Saturday, October 18, 2008

How am I feeling?

When people see me, the first thing they usually ask is "How are you feeling?" I am not afraid to be honest. I remember that when my Gran died of cancer, she never really told us how she was. I was quite upset. Getting the answer "fine" was really irritating. Since I have been going through this, I have realised that most of the time I am fine. For some reason, people think you shouldn't be or just don't believe you.

So how am I? Physically, my head still hurts and the bone hasn't fused yet. It does the clicking thing. Thats frustrating because I can't sleep on that side yet. Emotionally, I am worried about chemo and radiation. I am not happy to go through it. I think half of the problem is that I don't know what to expect. You hear horror stories of what people experience. It is a shock to be "sick" enough to have to go for chemo. It is really difficult not to feel like "Damaged Goods" I sometimes feel very shy.

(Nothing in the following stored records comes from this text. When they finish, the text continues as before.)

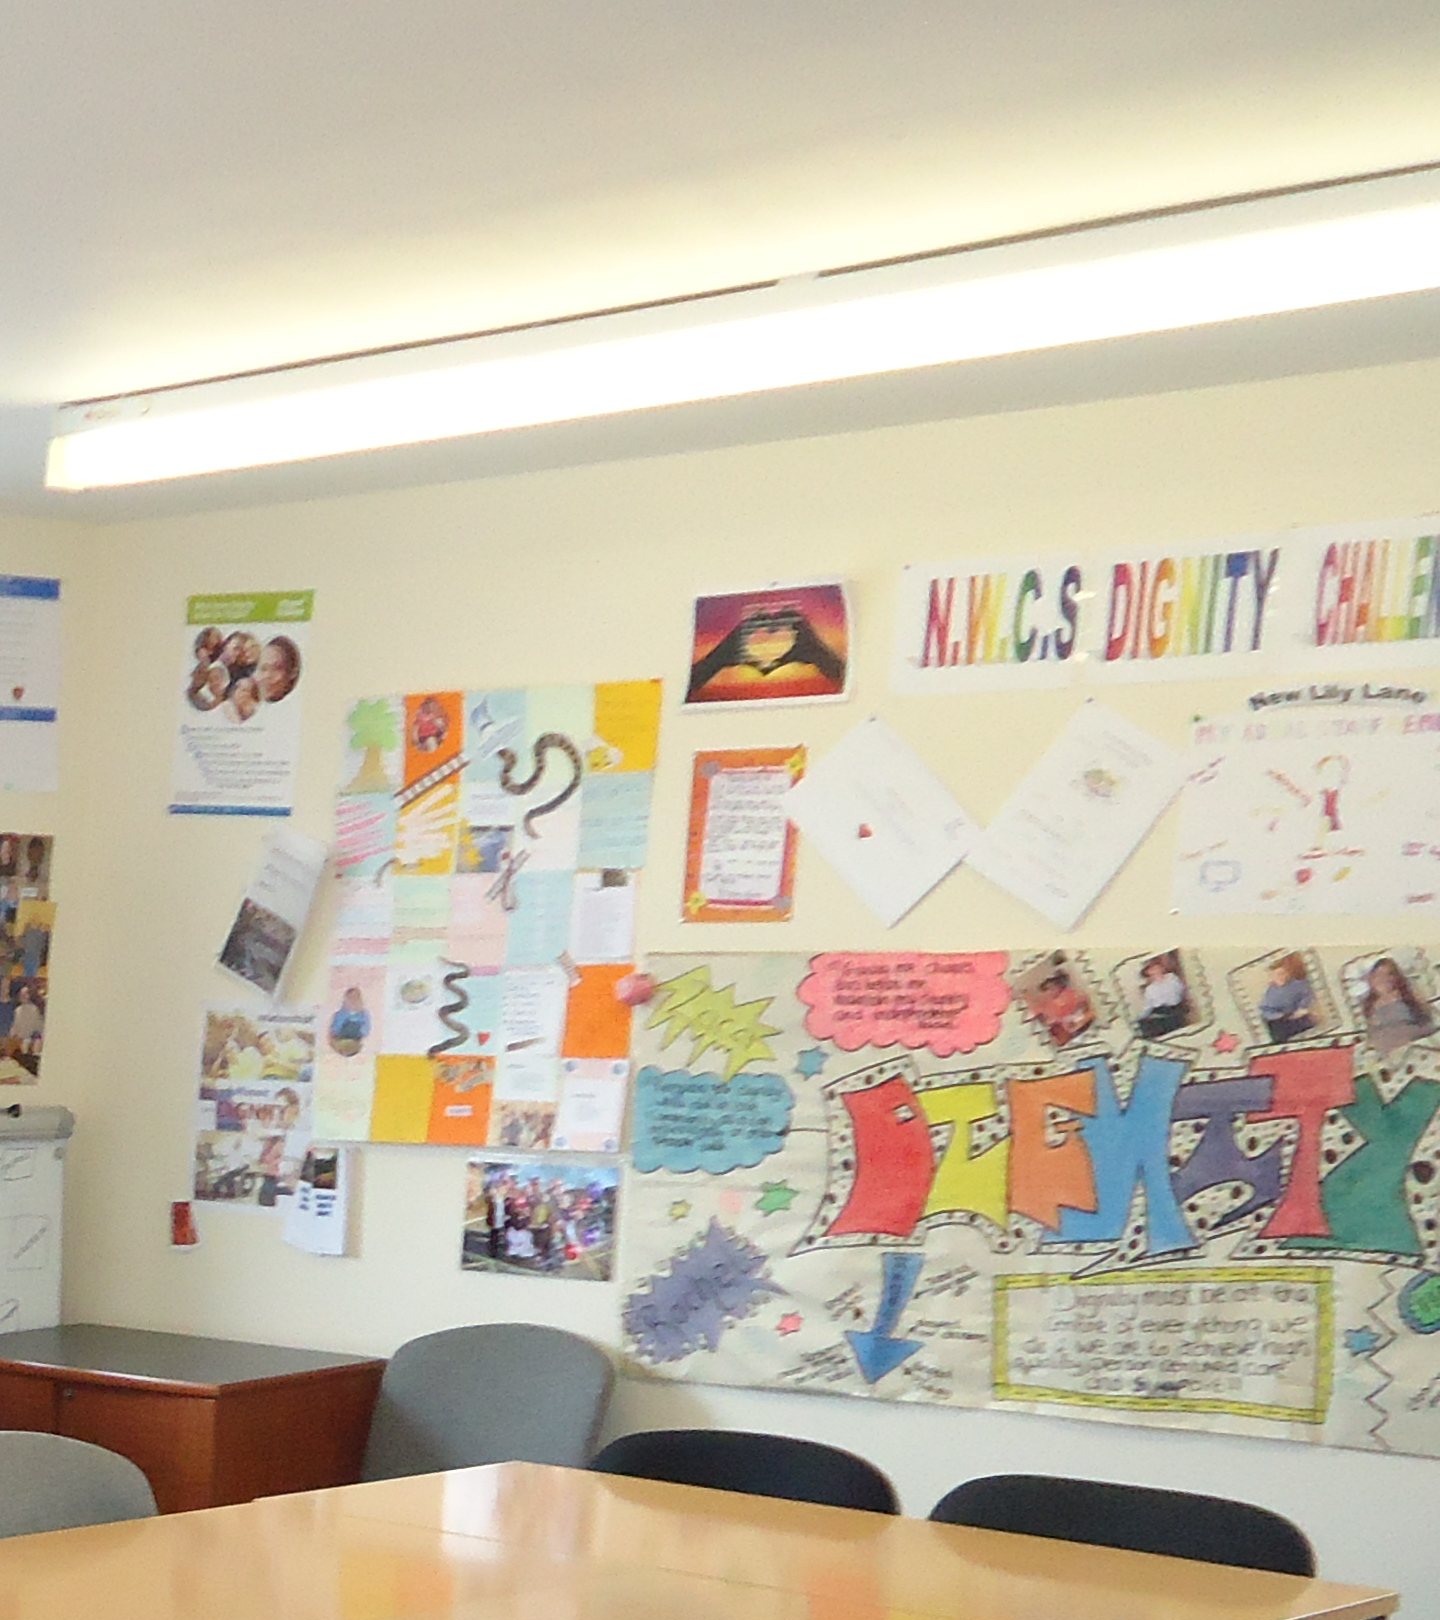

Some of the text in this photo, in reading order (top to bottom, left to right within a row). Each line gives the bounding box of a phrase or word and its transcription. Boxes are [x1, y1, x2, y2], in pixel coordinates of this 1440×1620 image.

[919, 534, 1440, 668] N.W.C.S DIGNITY CHALLE
[1248, 682, 1429, 711] New Lily Lane
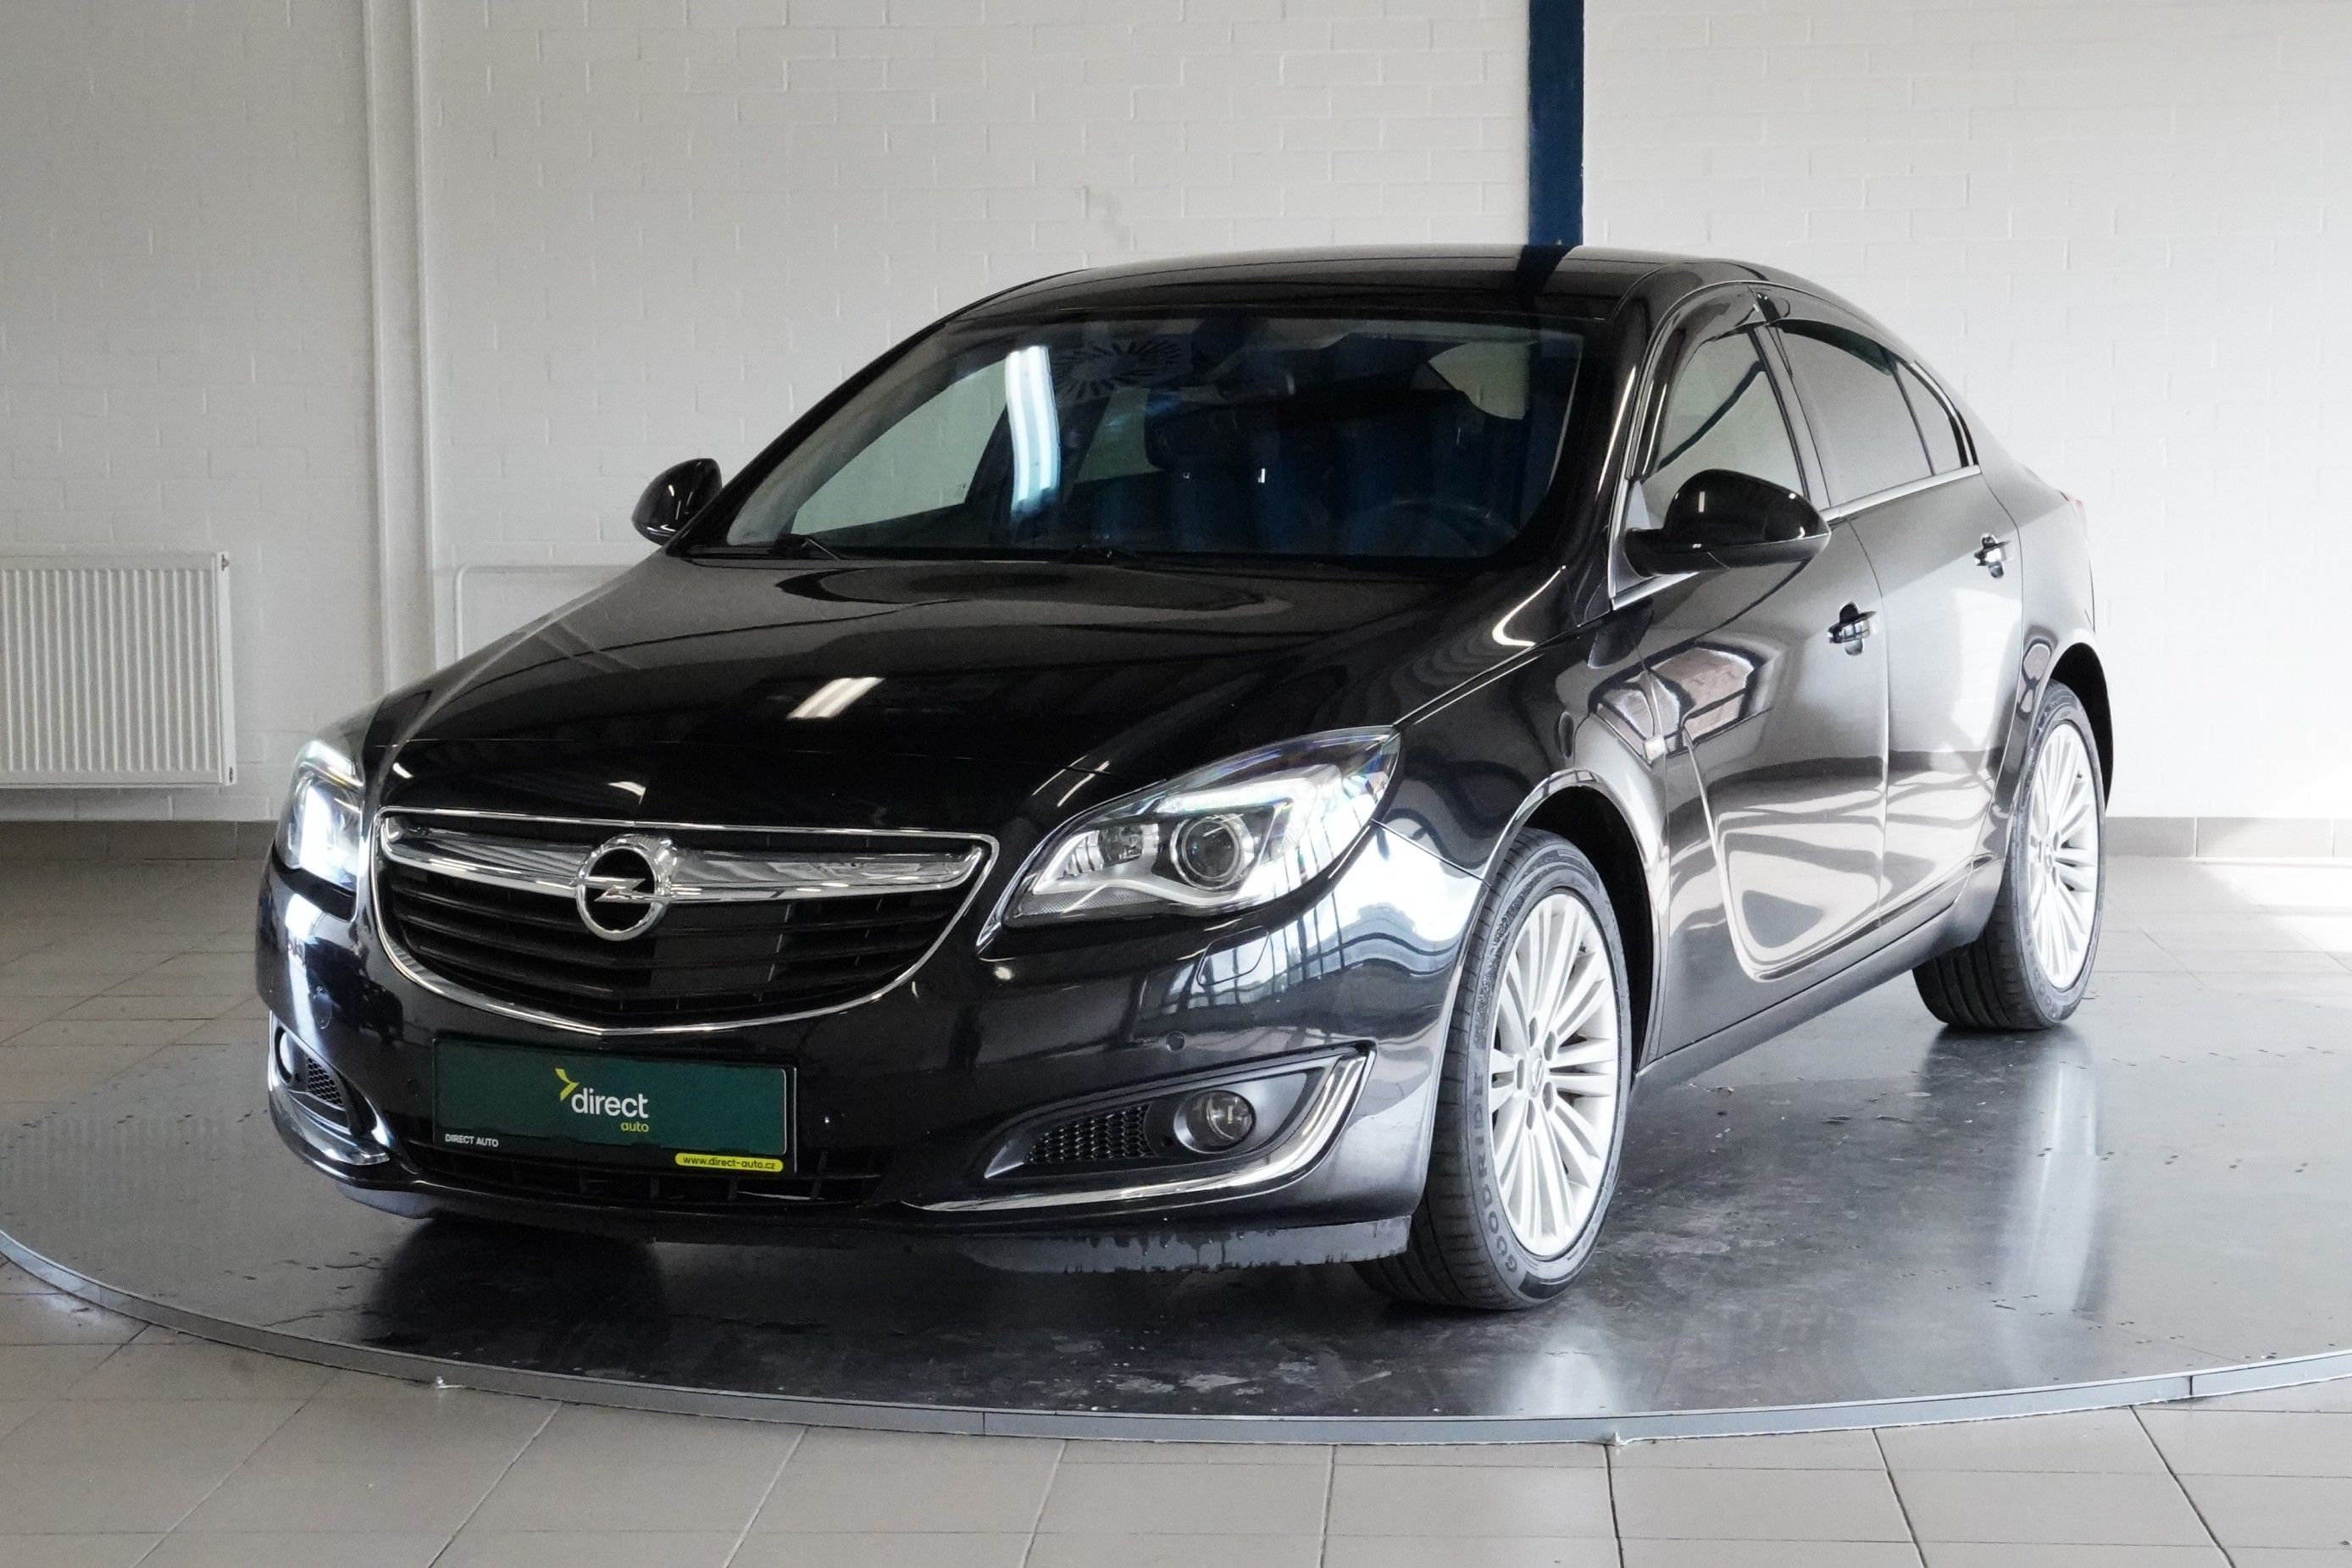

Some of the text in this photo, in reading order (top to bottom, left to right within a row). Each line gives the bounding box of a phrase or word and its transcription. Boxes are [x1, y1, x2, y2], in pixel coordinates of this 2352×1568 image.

[571, 1088, 649, 1118] direct
[620, 1122, 649, 1133] auto
[445, 1133, 499, 1147] DIRECT AUTO
[683, 1156, 775, 1170] www.direct-auto.cz
[1473, 1072, 1518, 1272] GOODRIDE

No sympathy or pity. I think that is the worst. I have been chatting to some people who are going through much worse and realise that they feel so isolated. The best is to treat a person as normal. We don't want to be reminded all the time! We haven't changed.

This is not supposed to be depressive. I just think it is important that people know how it feels to go through it. I am really blessed to have the friends and family I have. My blog has been an outlet and I am able to show that not all is doom and gloom! We still want to like our life to the full, even with our health challenges! But by all means ask how I am!